Task brief:
Without including the pictures, copy each line below exactly as it reads.

Data supplied:
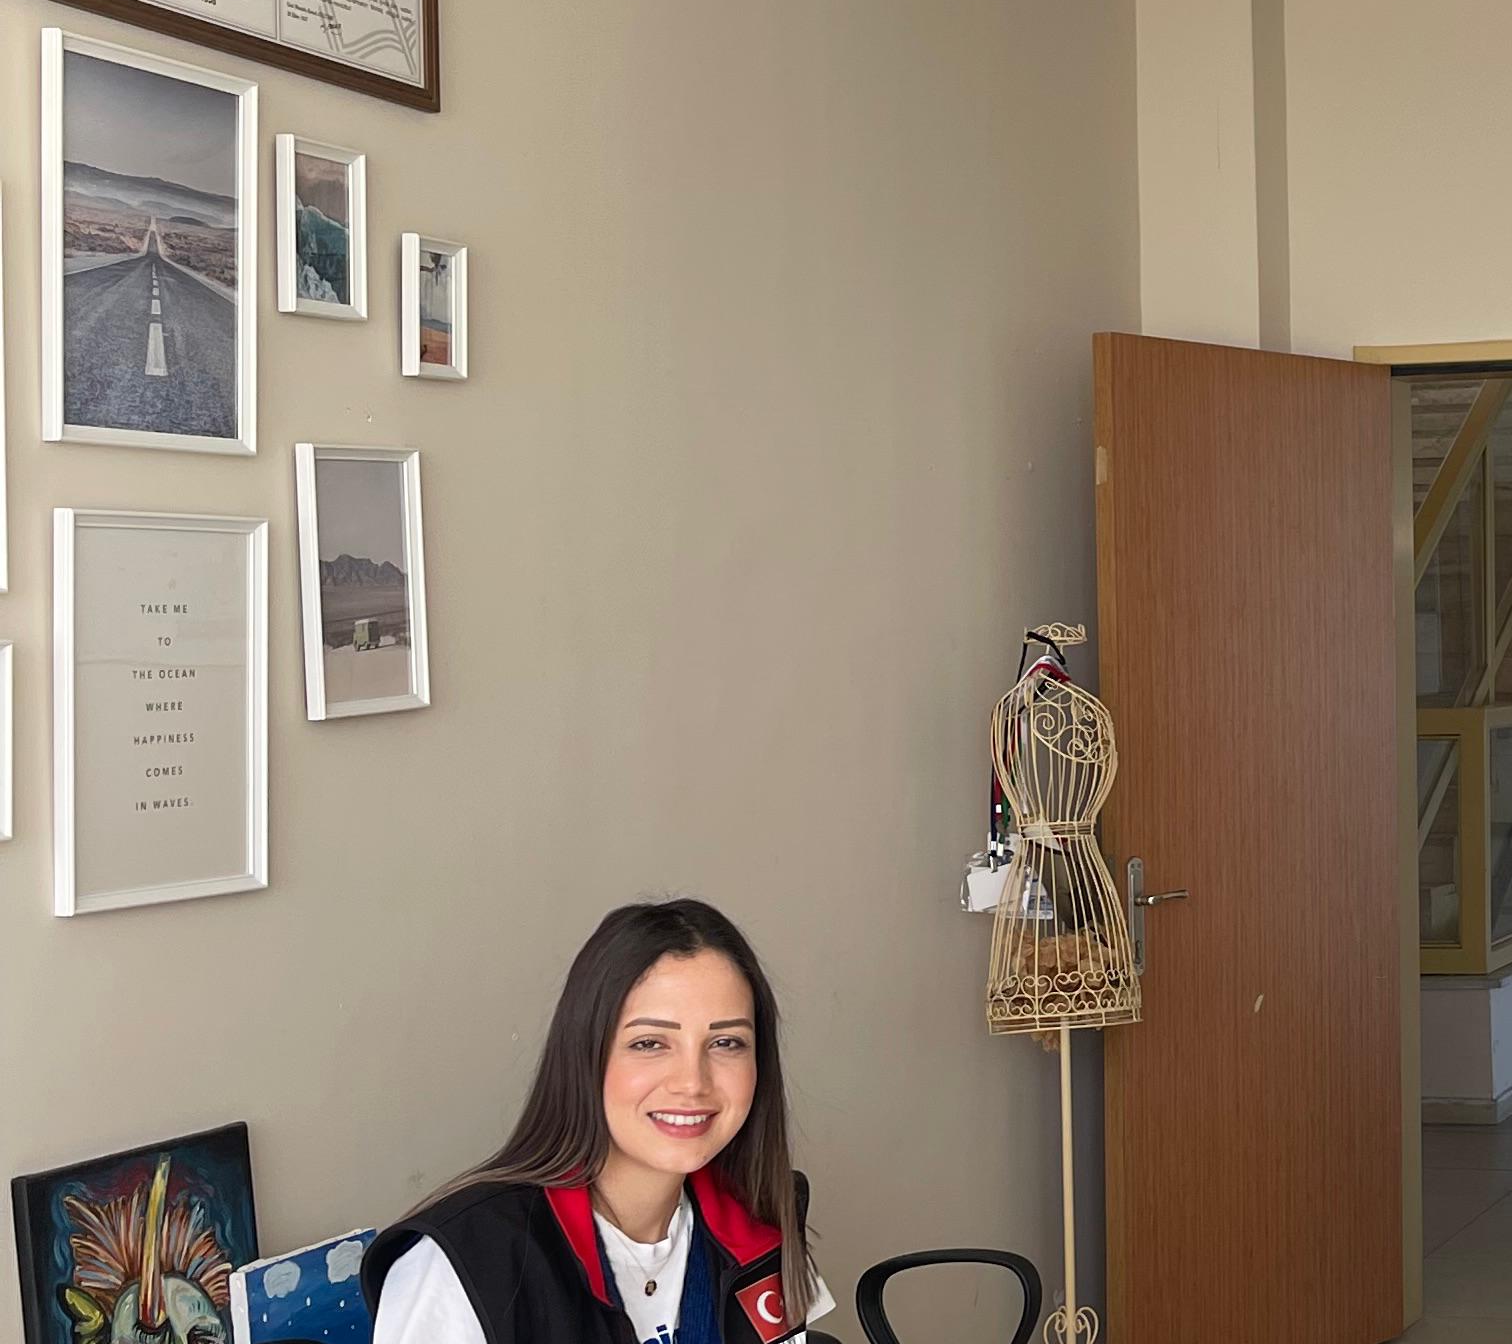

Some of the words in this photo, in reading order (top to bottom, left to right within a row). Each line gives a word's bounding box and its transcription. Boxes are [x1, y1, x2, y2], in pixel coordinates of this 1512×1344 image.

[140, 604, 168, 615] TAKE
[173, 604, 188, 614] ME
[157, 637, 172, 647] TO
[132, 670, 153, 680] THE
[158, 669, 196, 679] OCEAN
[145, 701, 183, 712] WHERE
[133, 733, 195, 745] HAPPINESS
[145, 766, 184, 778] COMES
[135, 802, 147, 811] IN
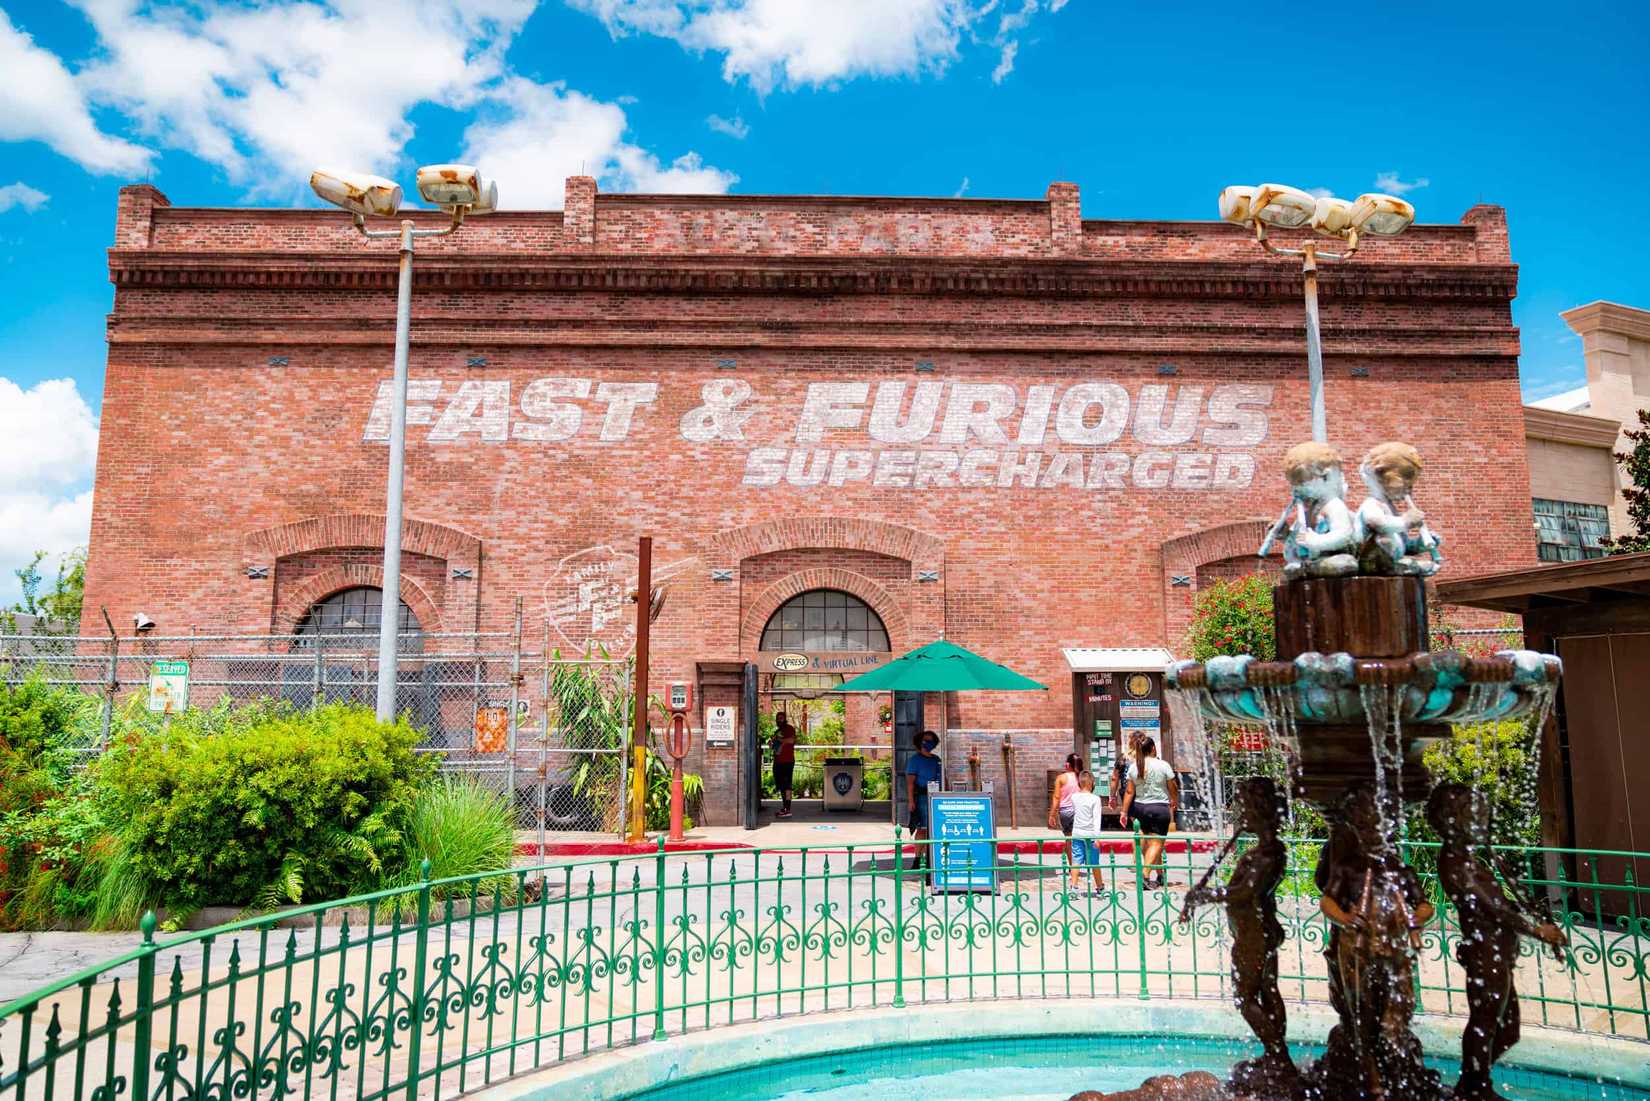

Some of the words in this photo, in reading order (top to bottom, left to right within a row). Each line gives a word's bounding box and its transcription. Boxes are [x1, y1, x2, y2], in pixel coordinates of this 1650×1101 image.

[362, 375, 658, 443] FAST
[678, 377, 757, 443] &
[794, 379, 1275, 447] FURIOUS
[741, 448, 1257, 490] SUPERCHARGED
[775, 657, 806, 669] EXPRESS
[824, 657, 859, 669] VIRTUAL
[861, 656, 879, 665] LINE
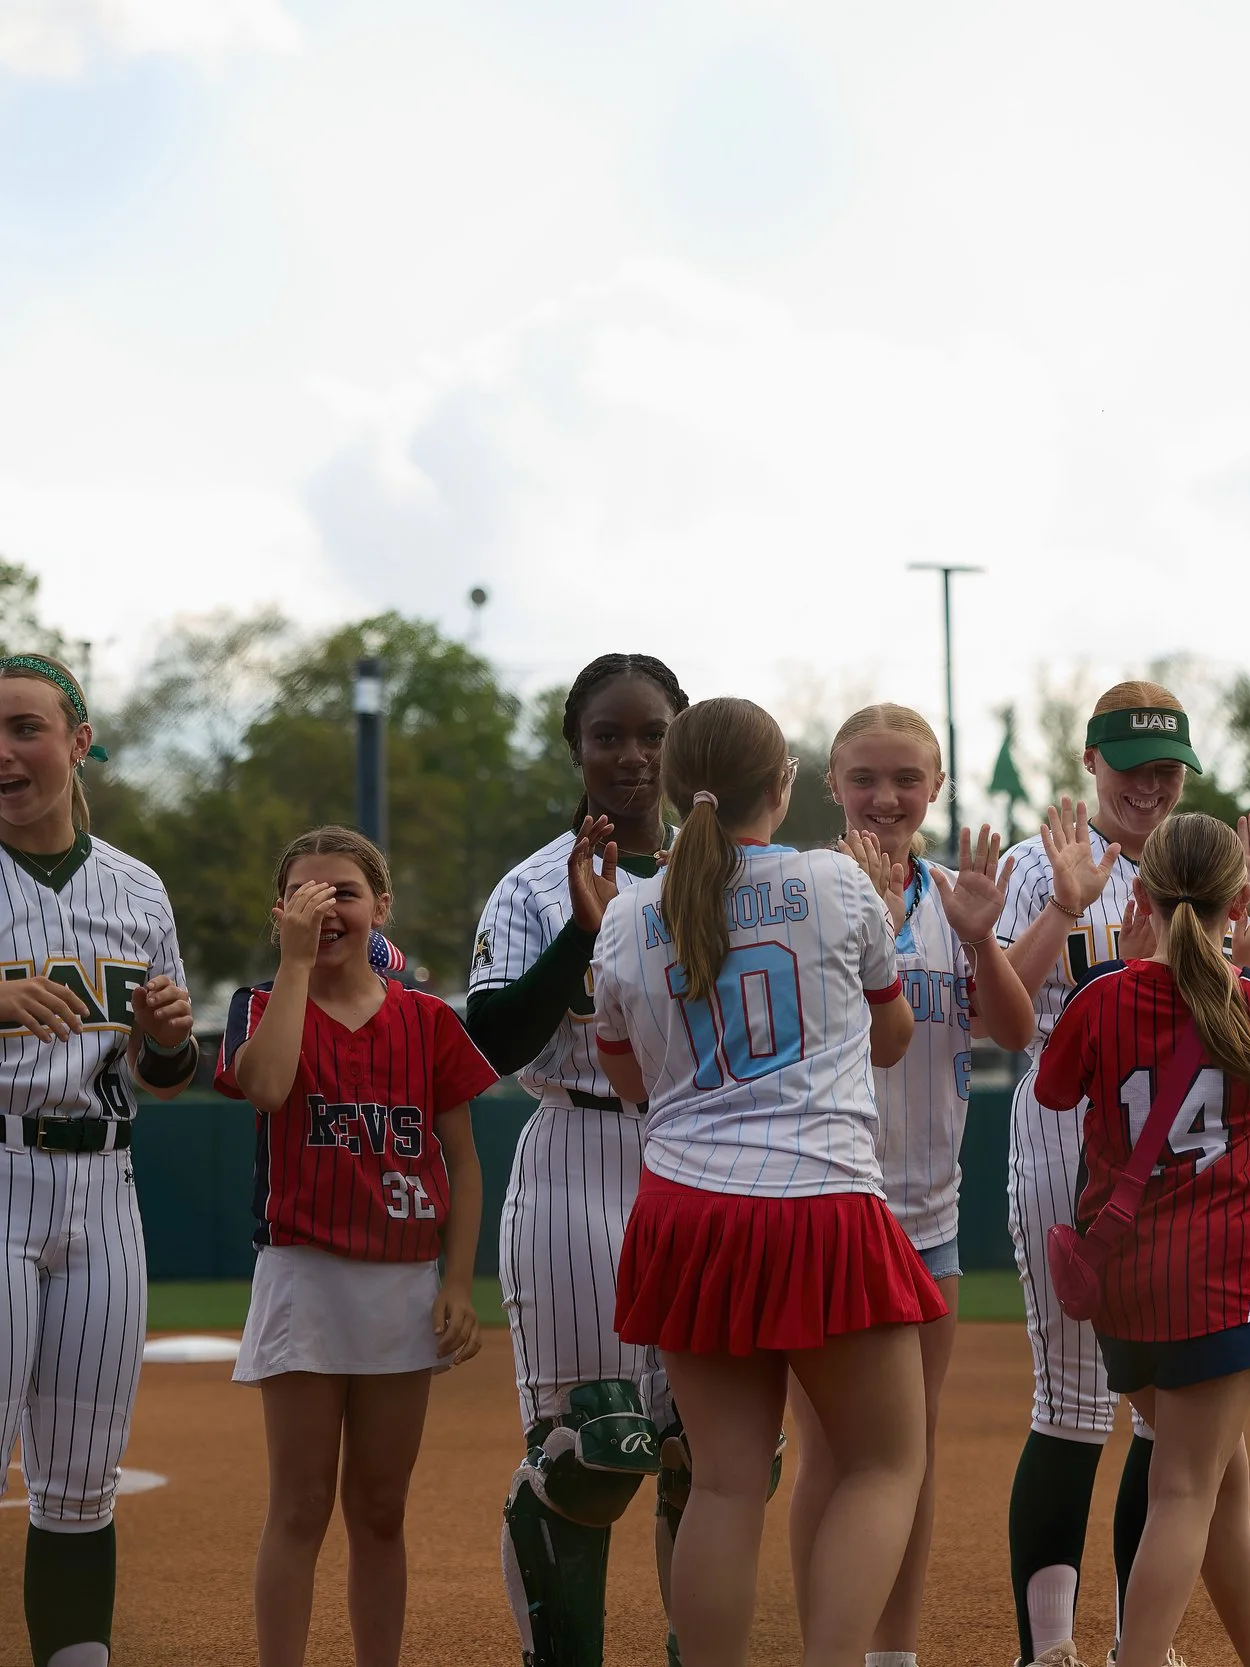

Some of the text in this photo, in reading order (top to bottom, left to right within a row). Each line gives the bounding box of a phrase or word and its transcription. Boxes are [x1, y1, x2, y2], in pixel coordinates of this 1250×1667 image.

Written response:
Some of the words in this photo, in reading order (top to bottom, left to right within a row). Each line gives a word's bounding box and its transcription. Boxes are [x1, y1, x2, y2], in pixel coordinates of this 1512×1344 image.

[140, 604, 168, 615] TAKE
[173, 604, 188, 614] ME
[157, 637, 172, 647] TO
[132, 670, 153, 680] THE
[158, 669, 196, 679] OCEAN
[145, 701, 183, 712] WHERE
[133, 733, 195, 745] HAPPINESS
[145, 766, 184, 778] COMES
[135, 802, 147, 811] IN

Some of the words in this photo, in reading order (top to bottom, left to right within a row). Each line gives a word's bounding box and its transcription. Boxes are [x1, y1, x2, y2], in pixel coordinates of this 1650×1101 image.

[362, 375, 658, 443] FAST
[678, 377, 757, 443] &
[794, 379, 1275, 447] FURIOUS
[741, 448, 1257, 490] SUPERCHARGED
[775, 657, 806, 669] EXPRESS
[824, 657, 859, 669] VIRTUAL
[861, 656, 879, 665] LINE

Some of the text in this photo, in reading order (top to bottom, left to right within a row). Each line gives the bounding box of a phrase or word and its transcription. Boxes are [x1, y1, x2, y2], in pixel coordinates of this 1250×1667 image.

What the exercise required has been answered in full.